Data is everywhere, and it is becoming more accessible too. So is bad quality data, or incorrect data, which is also becoming more and more available. I believe bad quality data actually spreads faster and wider than good quality data.
So what do we do about this? What do we do at a company wide level, but also at a personal level? These are a few tips that may be useful when handling data:
1. Examine the source: We should only take data from sources we trust. Even if that means handling much less data than desired. It’s better to have less data but good quality data, instead of having loads of data which can’t really be trusted. Remember what we say about predictive models: an average model fed with good data is much better than an excellent model fed with bad quality data.

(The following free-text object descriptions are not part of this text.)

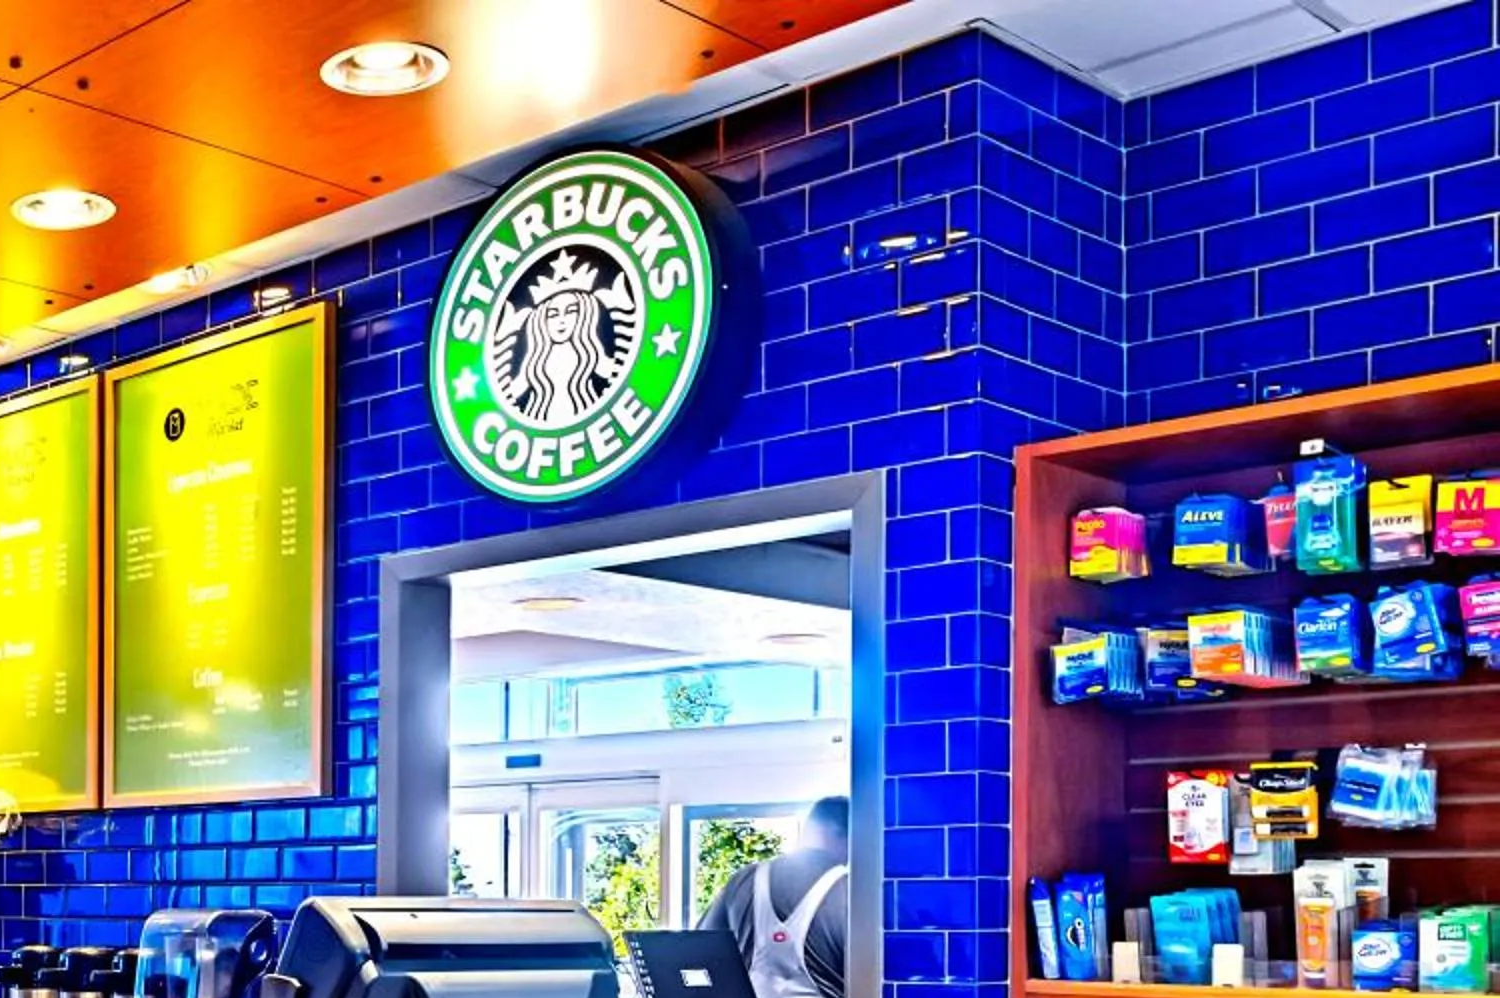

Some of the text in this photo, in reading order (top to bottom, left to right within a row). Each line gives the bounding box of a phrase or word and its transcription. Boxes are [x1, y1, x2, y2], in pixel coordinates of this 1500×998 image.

[453, 182, 688, 343] STARBUCKS
[473, 389, 652, 479] COFFEE
[1181, 509, 1225, 523] ALEVE
[1298, 618, 1337, 634] Claritin
[1181, 792, 1207, 800] CLEAR

2. Start small: It’s always tempting to be ambitious and think we can mix different sources and build that dream dataset which will provide golden insights. Yes, that is possible, and it may work once in a million times, but you have higher chances of being successful if you start small and iterate. Start with a small dataset, build confidence in your data. Then once that small step is successful, start thinking about adding more data, but always taking one small step at a time.
3. Share your insights: Insights are not useful if you keep them to yourself. Sharing your insights starts a virtuous circle where other people benefit from your data, your data quality increases, you may get new ideas from users, etc.

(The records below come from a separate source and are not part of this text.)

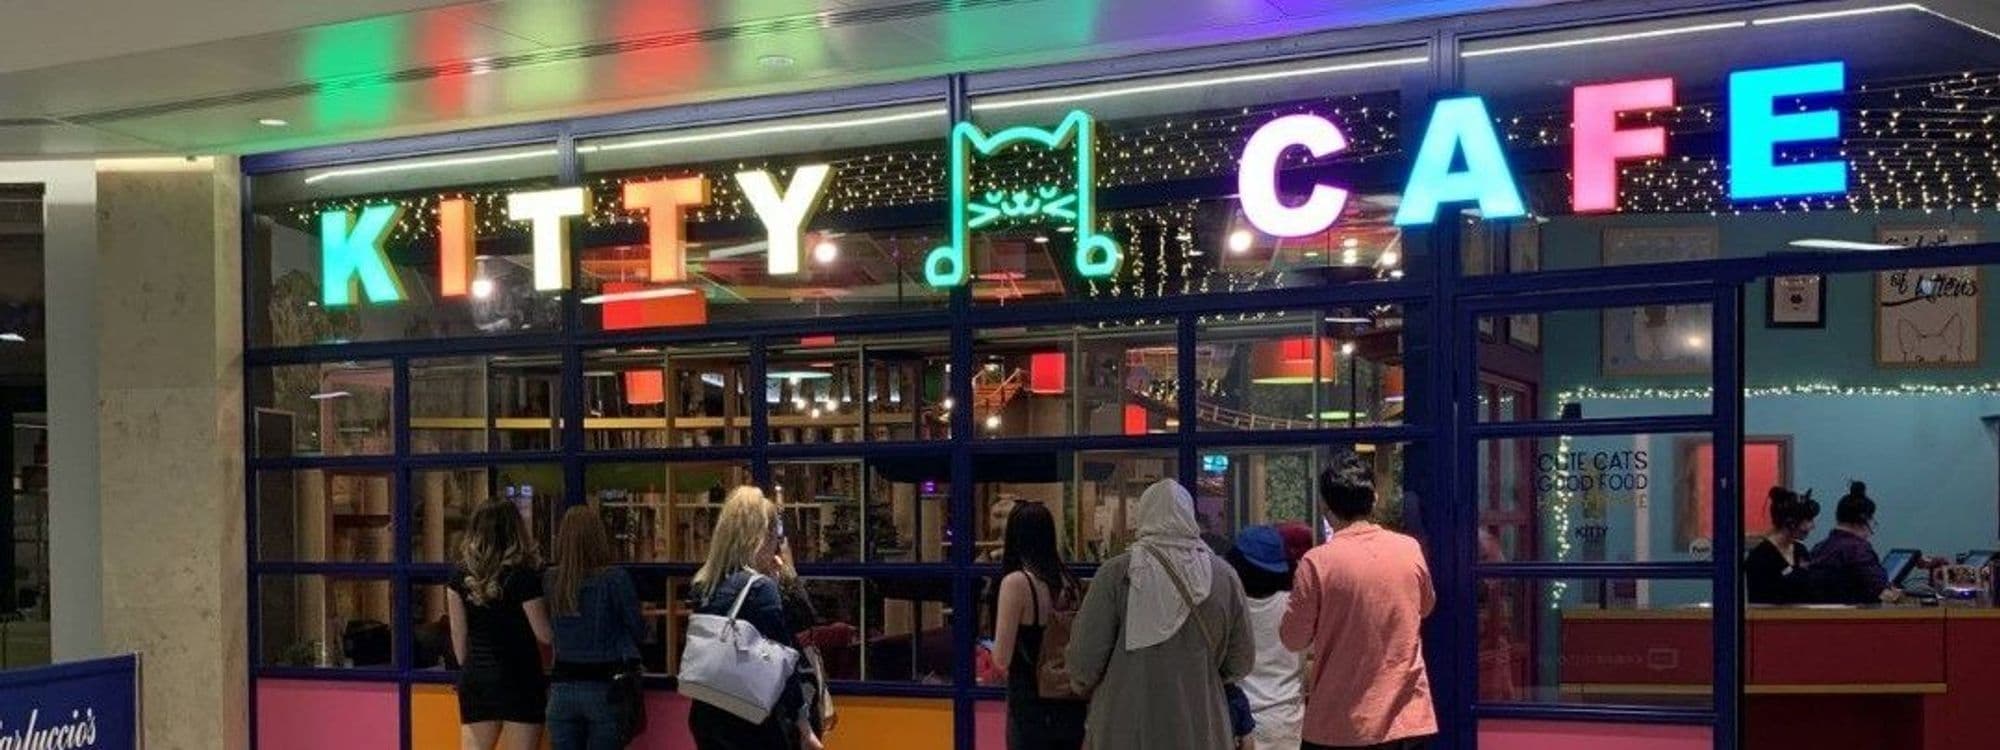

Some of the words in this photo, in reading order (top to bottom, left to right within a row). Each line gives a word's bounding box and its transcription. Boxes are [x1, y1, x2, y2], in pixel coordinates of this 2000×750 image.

[320, 164, 831, 306] KITTY
[1237, 61, 1847, 238] CAFE
[1594, 451, 1647, 470] CATS
[1539, 475, 1594, 492] GOOD
[1599, 474, 1647, 491] FOOD
[0, 707, 97, 750] arluccio's

4. Document your data: Nobody will use a dataset they don’t understand. Even yourself will not re-use a dataset that you haven’t properly documented. Documenting a dataset is a good practice towards ensuring your data can be trusted.

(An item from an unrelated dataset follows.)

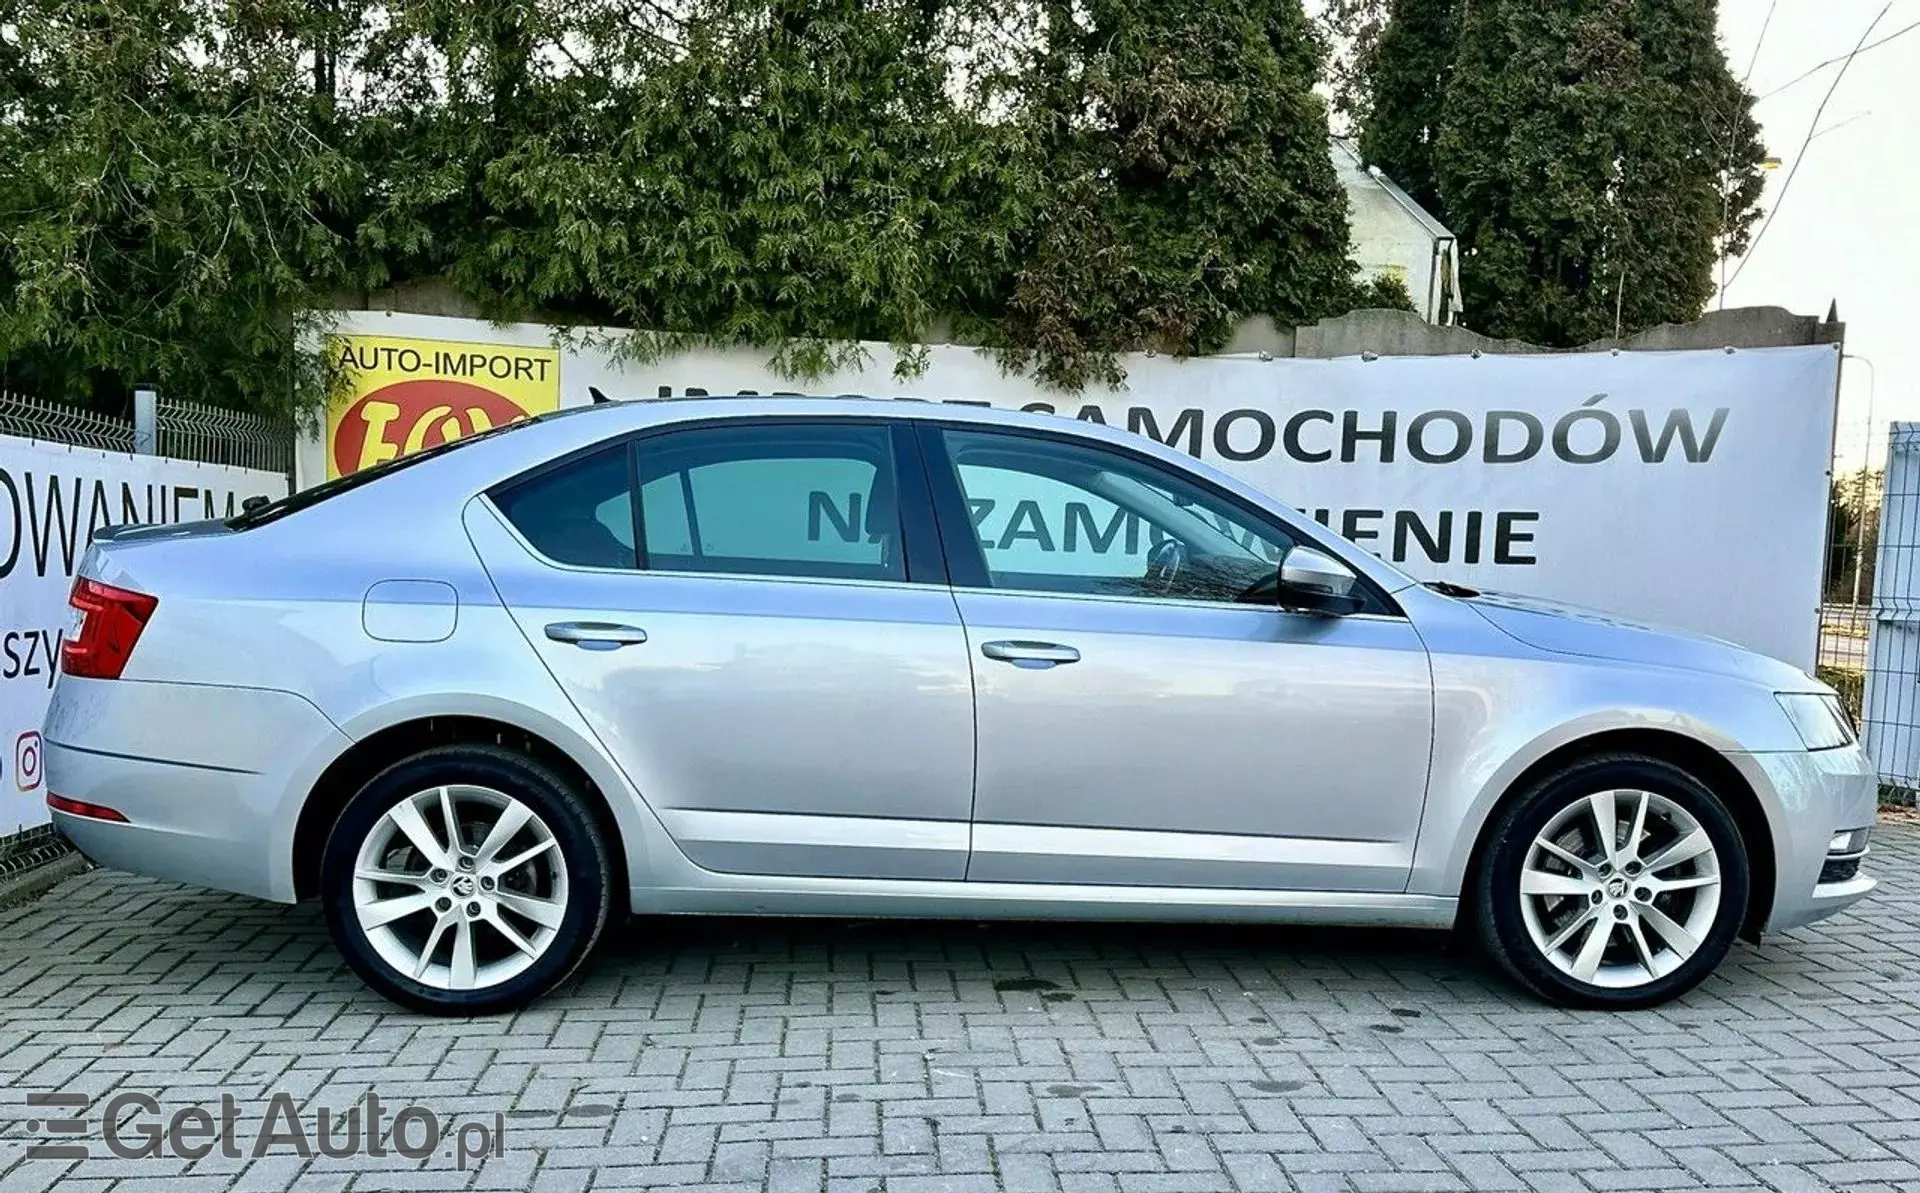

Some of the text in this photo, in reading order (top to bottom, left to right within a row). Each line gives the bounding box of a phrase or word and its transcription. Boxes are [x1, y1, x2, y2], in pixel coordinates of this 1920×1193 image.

[339, 345, 552, 382] AUTO-IMPORT
[1019, 394, 1730, 464] MOCHODÓW
[967, 497, 1540, 565] ZAMENIE

5. Pay attention to the way your data is being visualized. We are sometimes tempted to build very complex charts that nobody can understand. A chart should be as simple as possible, with a clear intention of showing something, or providing a specific insight. Try to make simpler charts, and carefully choose the variables that are going to be part of each visualization.
6. Data expires: your data is useful for a limited amount of time. Old, outdated data, loses value. So unless you are prepared to keep your data up to date, make sure you get the value out of your data before it becomes too old to provide any useful insight.
7. Adopt a format that is simple and easy to distribute and consume: There are some well established standards about data. Pick a standard, and try to stick to it. You will benefit from re-using scripts and tools that you may have built for other datasets, avoiding the frustration of re-work. You will also share that benefit with other consumers that use your data.
I hope you are able to adopt these simple 7 tips and start building confidence in using trusted, good quality data for your analysis.
Thank you for reading! 😀